▸ About this task: Repeat only what runs from the line with "this 2000×1250 image." through the last line of the data below, both included, keeping every word as it is and leaving out the pictures.

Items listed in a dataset

□ □ □ □

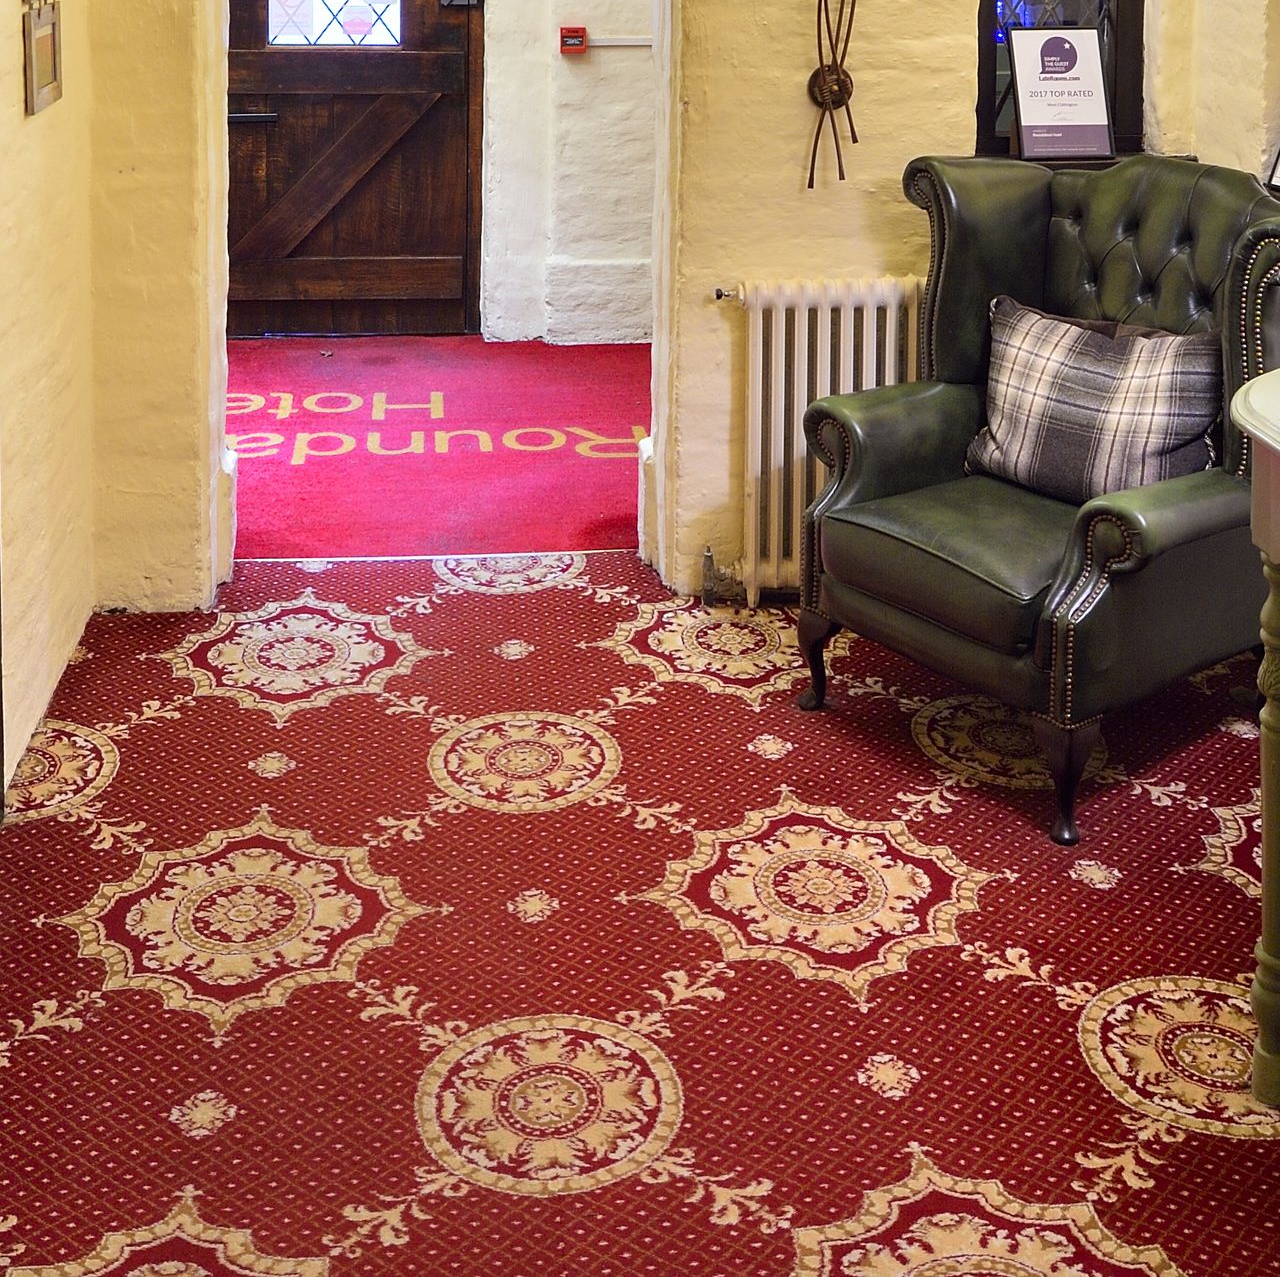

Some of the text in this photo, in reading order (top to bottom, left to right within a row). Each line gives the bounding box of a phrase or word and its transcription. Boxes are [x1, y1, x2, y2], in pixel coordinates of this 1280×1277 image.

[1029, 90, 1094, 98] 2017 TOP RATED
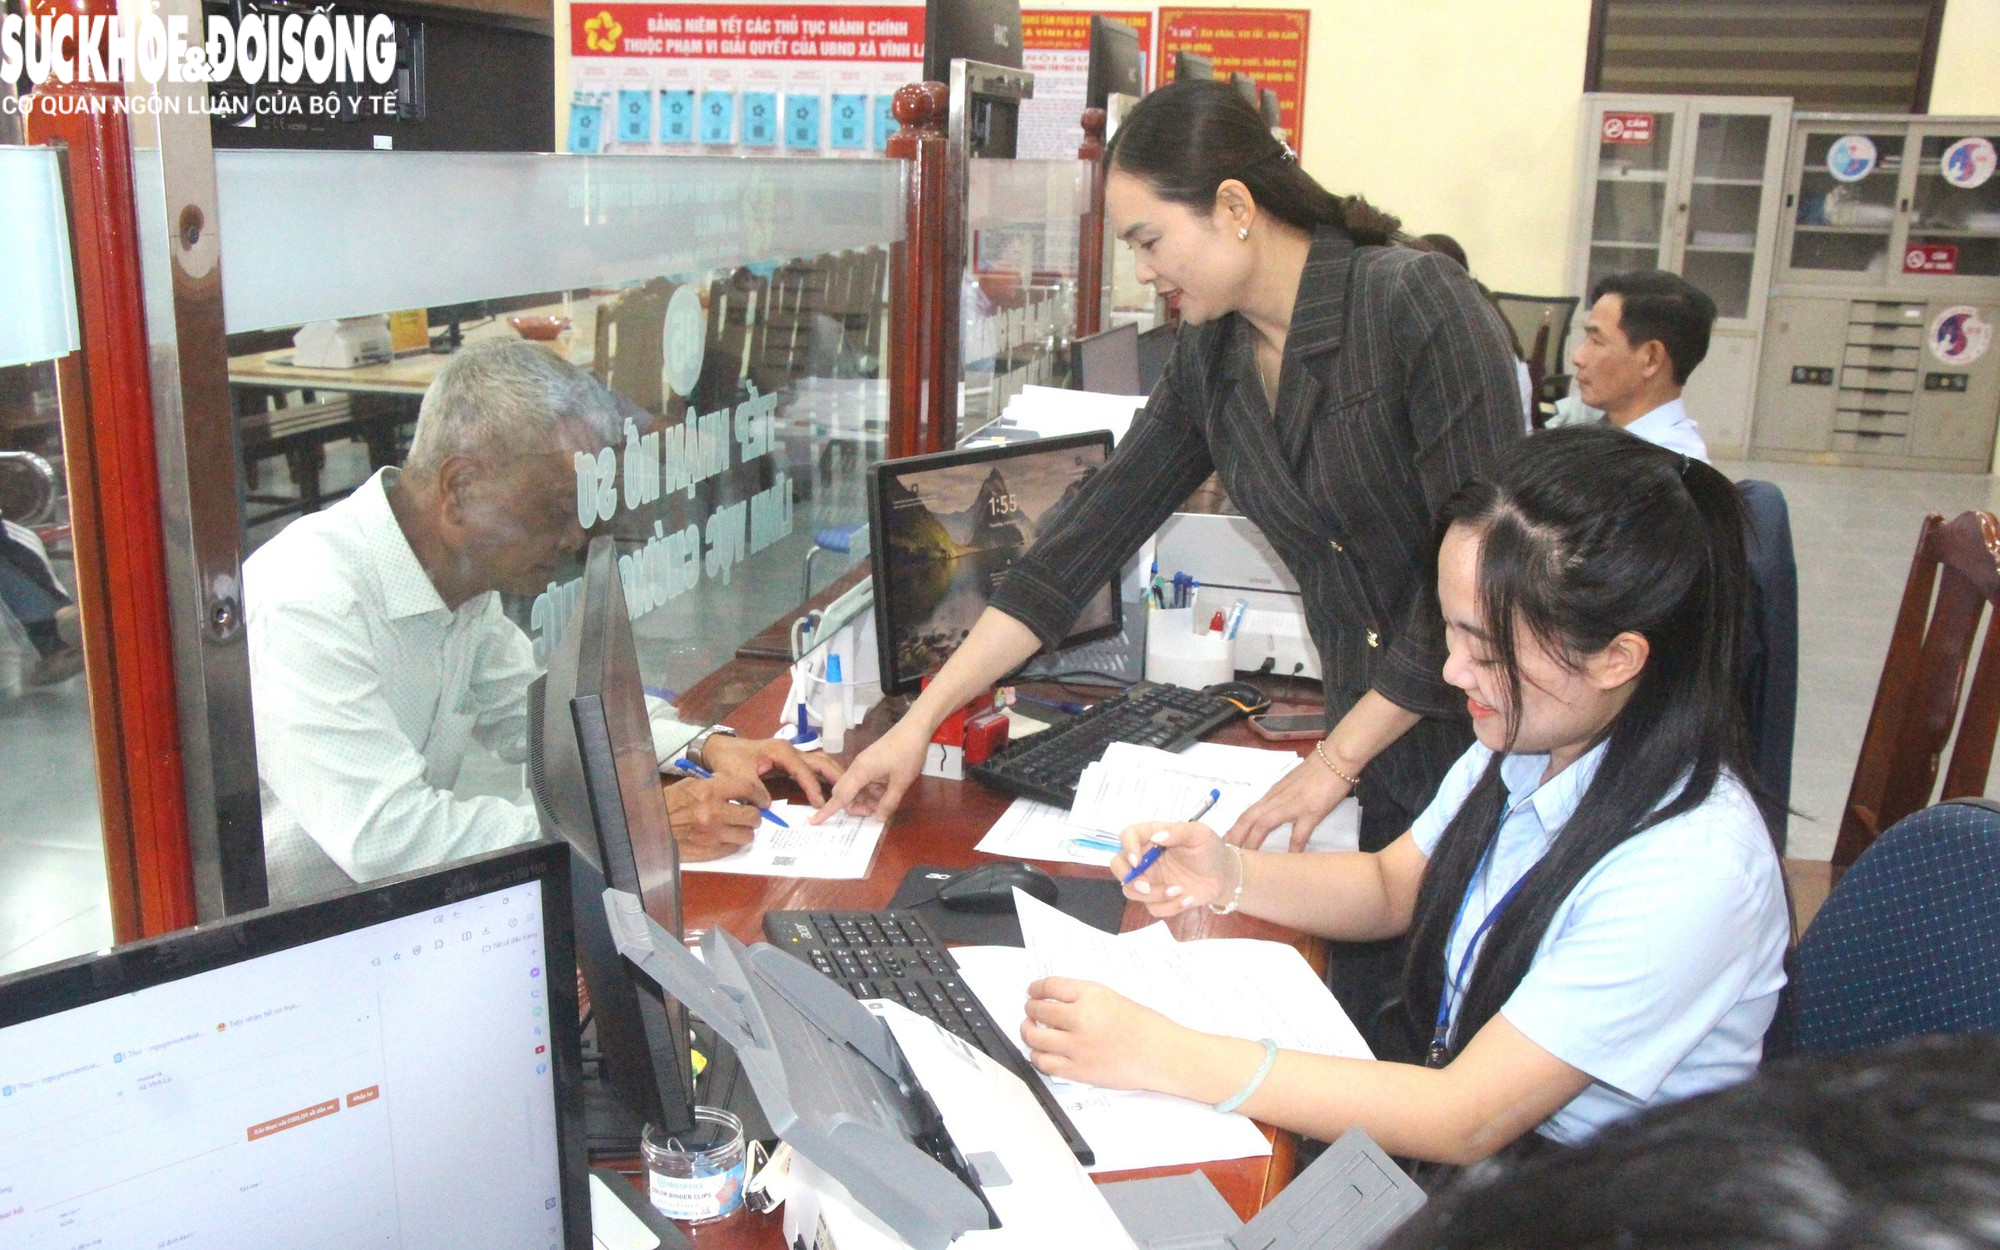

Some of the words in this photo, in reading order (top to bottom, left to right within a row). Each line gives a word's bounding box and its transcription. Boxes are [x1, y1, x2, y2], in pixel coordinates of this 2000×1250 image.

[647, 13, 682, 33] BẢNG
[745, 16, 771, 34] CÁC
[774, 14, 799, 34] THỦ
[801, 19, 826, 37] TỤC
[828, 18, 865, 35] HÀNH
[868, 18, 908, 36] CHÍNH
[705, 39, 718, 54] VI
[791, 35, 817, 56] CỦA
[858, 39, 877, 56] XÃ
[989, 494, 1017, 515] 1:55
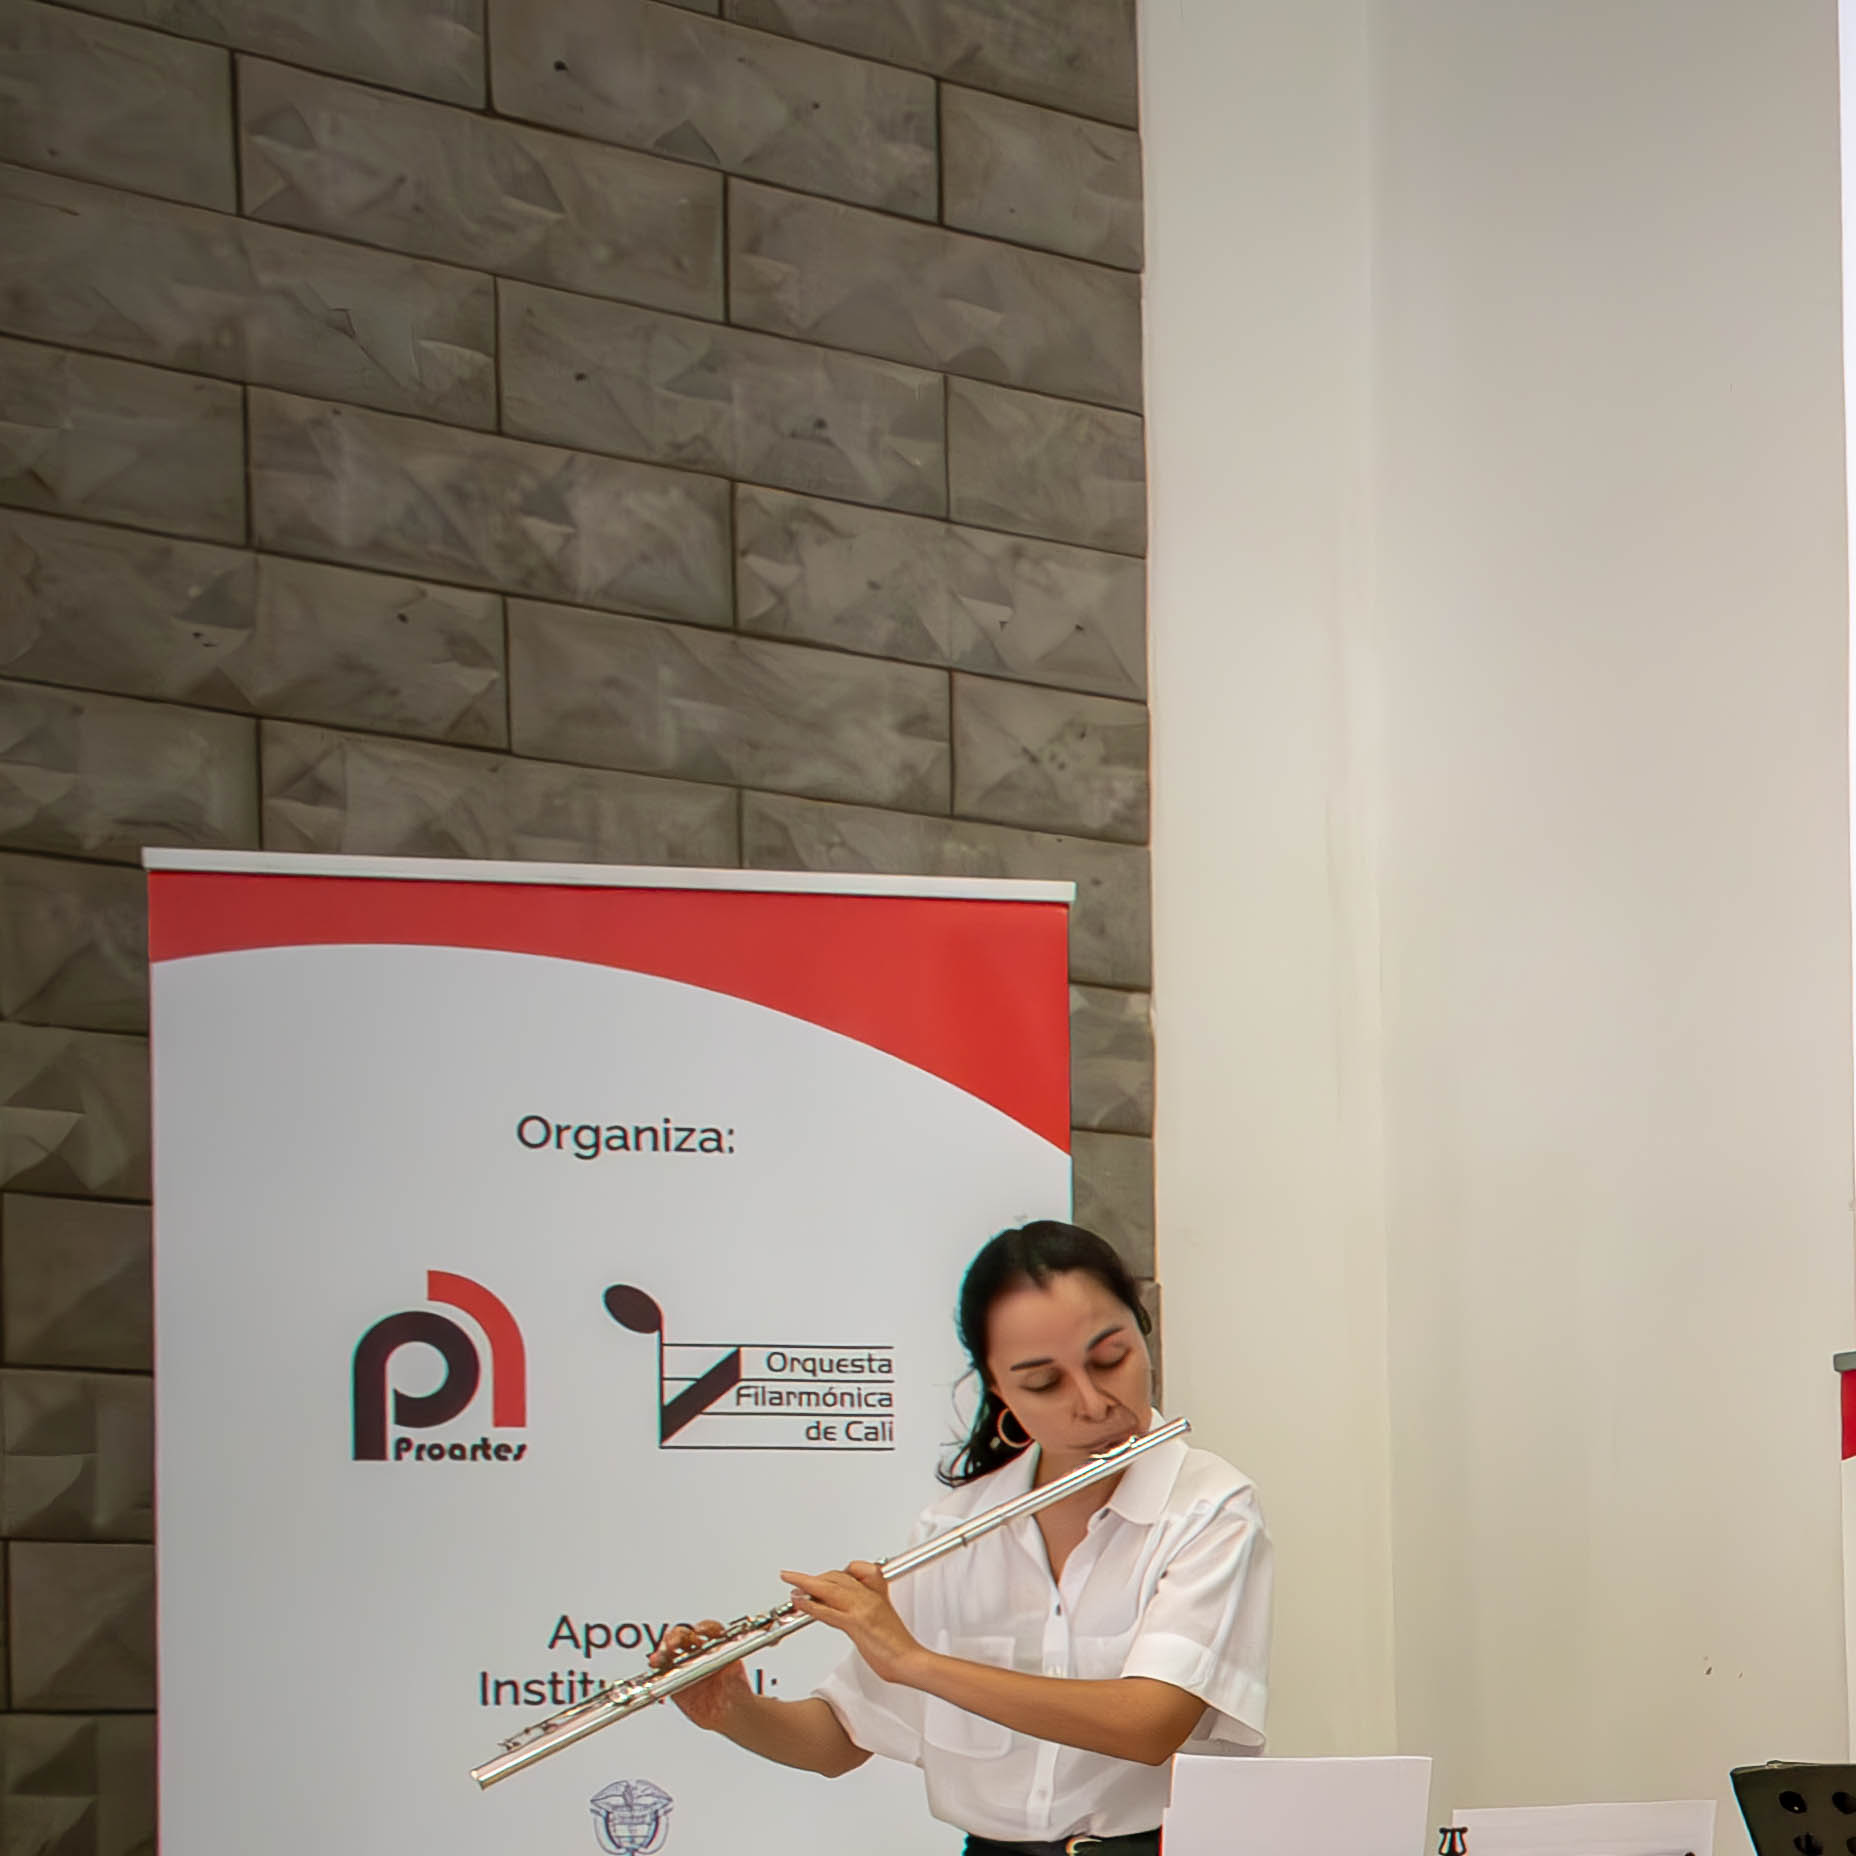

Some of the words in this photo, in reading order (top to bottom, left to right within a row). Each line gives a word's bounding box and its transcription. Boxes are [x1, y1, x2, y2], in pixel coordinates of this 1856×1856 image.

□ □ □ □

▸ The answer:
Some of the words in this photo, in reading order (top to bottom, left to right within a row). Each line gives a word's bounding box and its transcription. Boxes are [x1, y1, x2, y2], in pixel coordinates of this 2000×1250 image.

[647, 13, 682, 33] BẢNG
[745, 16, 771, 34] CÁC
[774, 14, 799, 34] THỦ
[801, 19, 826, 37] TỤC
[828, 18, 865, 35] HÀNH
[868, 18, 908, 36] CHÍNH
[705, 39, 718, 54] VI
[791, 35, 817, 56] CỦA
[858, 39, 877, 56] XÃ
[989, 494, 1017, 515] 1:55

Some of the words in this photo, in reading order (top to bottom, left to right within a row). Each line gives a word's bounding box and its transcription. Boxes are [x1, y1, x2, y2], in pixel coordinates of this 1856×1856 image.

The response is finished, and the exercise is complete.